1 Introduction to Evaluate the function \( f(x)=x^{2}-2 x+1 \) at the given values of the independent variable and simplify. \( \begin{array}{lll}\text { a. } f(-2) & \text { b. } f(x+6) & \text { c. } f(-x) \\ \text { Part } 1 \text { of } 3\end{array} \) \( \begin{array}{l}\text { a. } f(-2)=\square \text { (Simplify your answer.) }\end{array} \)

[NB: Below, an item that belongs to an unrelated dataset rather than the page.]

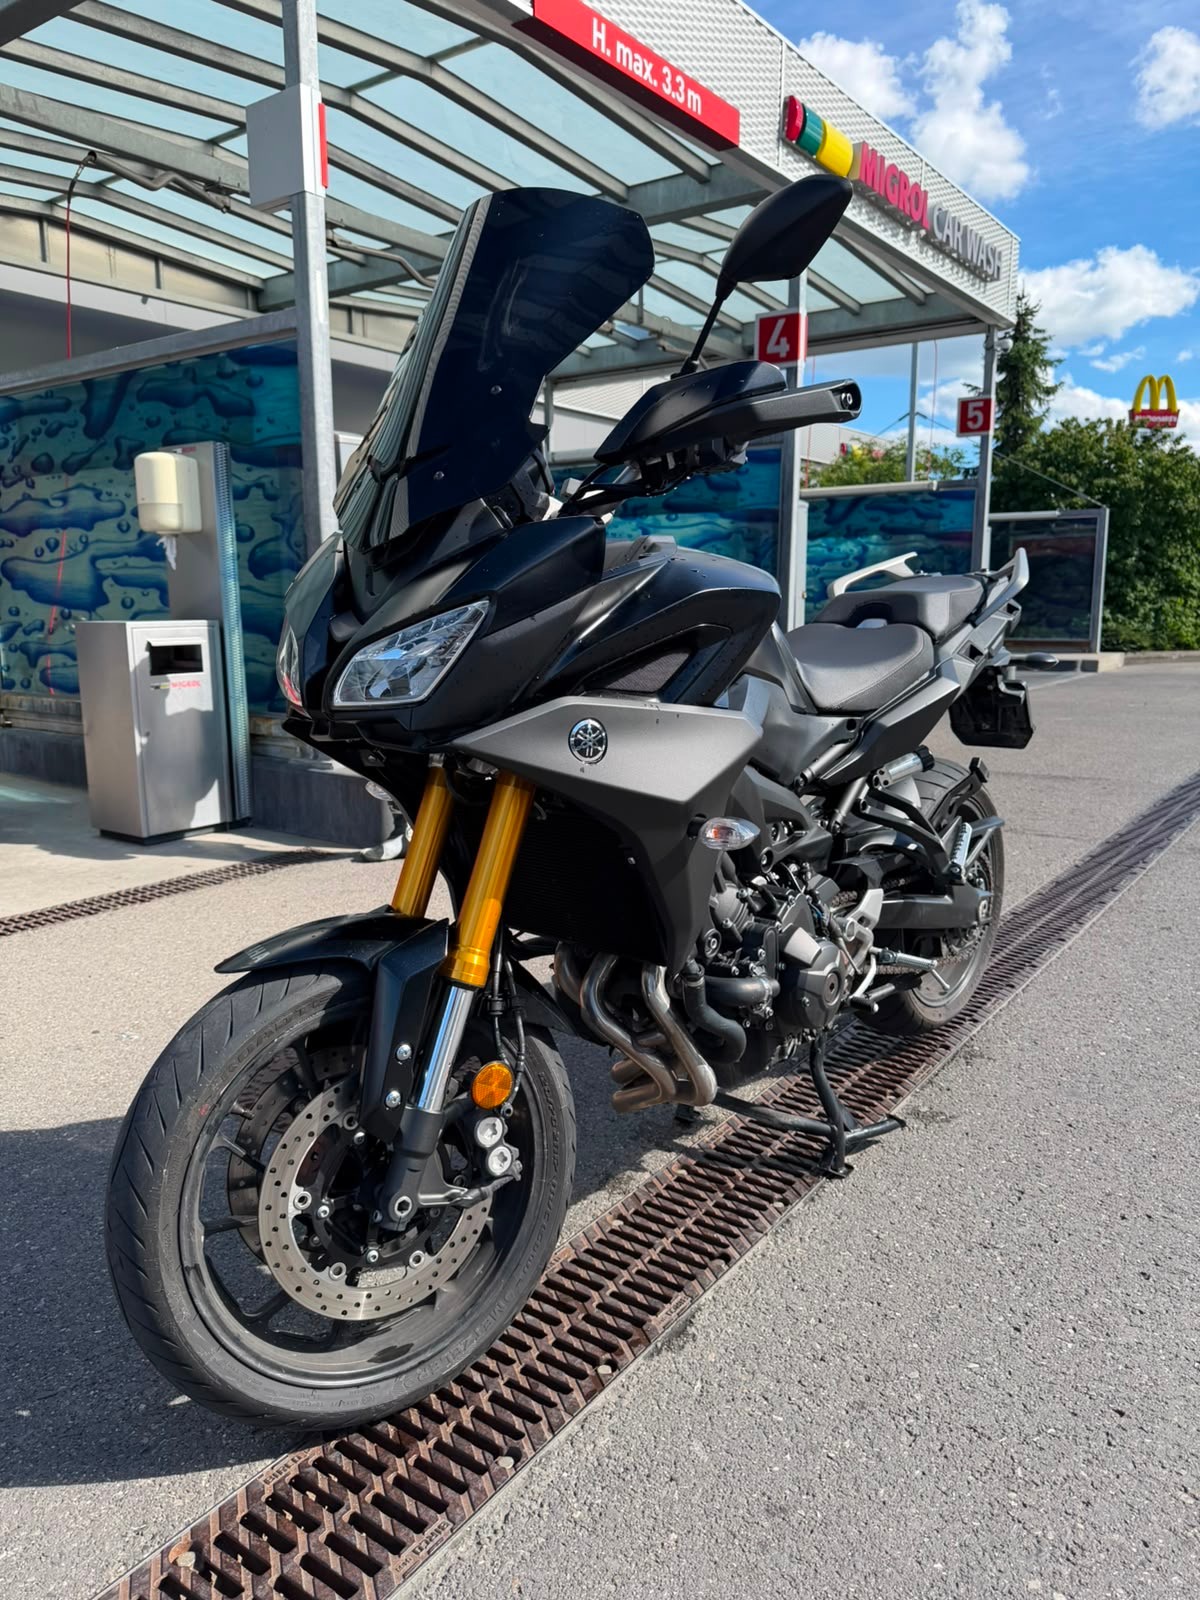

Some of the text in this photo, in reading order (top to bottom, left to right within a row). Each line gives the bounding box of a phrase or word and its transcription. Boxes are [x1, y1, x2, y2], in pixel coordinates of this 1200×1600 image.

To evaluate the function \( f(x) = x^2 - 2x + 1 \) at \( x = -2 \), simply substitute -2 into the function: \[ f(-2) = (-2)^2 - 2(-2) + 1 = 4 + 4 + 1 = 9. \] So, \( f(-2) = 9 \). Now onto the fun part! Did you know this quadratic function can be visualized as a parabola opening upwards? It has its vertex at the point (1, 0), which is the minimum value of the function. For part b, we substitute \( x + 6 \) into the function: \[ f(x + 6) = (x + 6)^2 - 2(x + 6) + 1. \] Expanding it out gives: \[ (x^2 + 12x + 36 - 2x - 12 + 1) = x^2 + 10x + 25. \] So, \( f(x + 6) = x^2 + 10x + 25 \). If you recognize this, it’s actually a square trinomial: \( (x + 5)^2 \)! Check this out: the function’s evaluations have a unique pattern, revealing the elegance of algebra!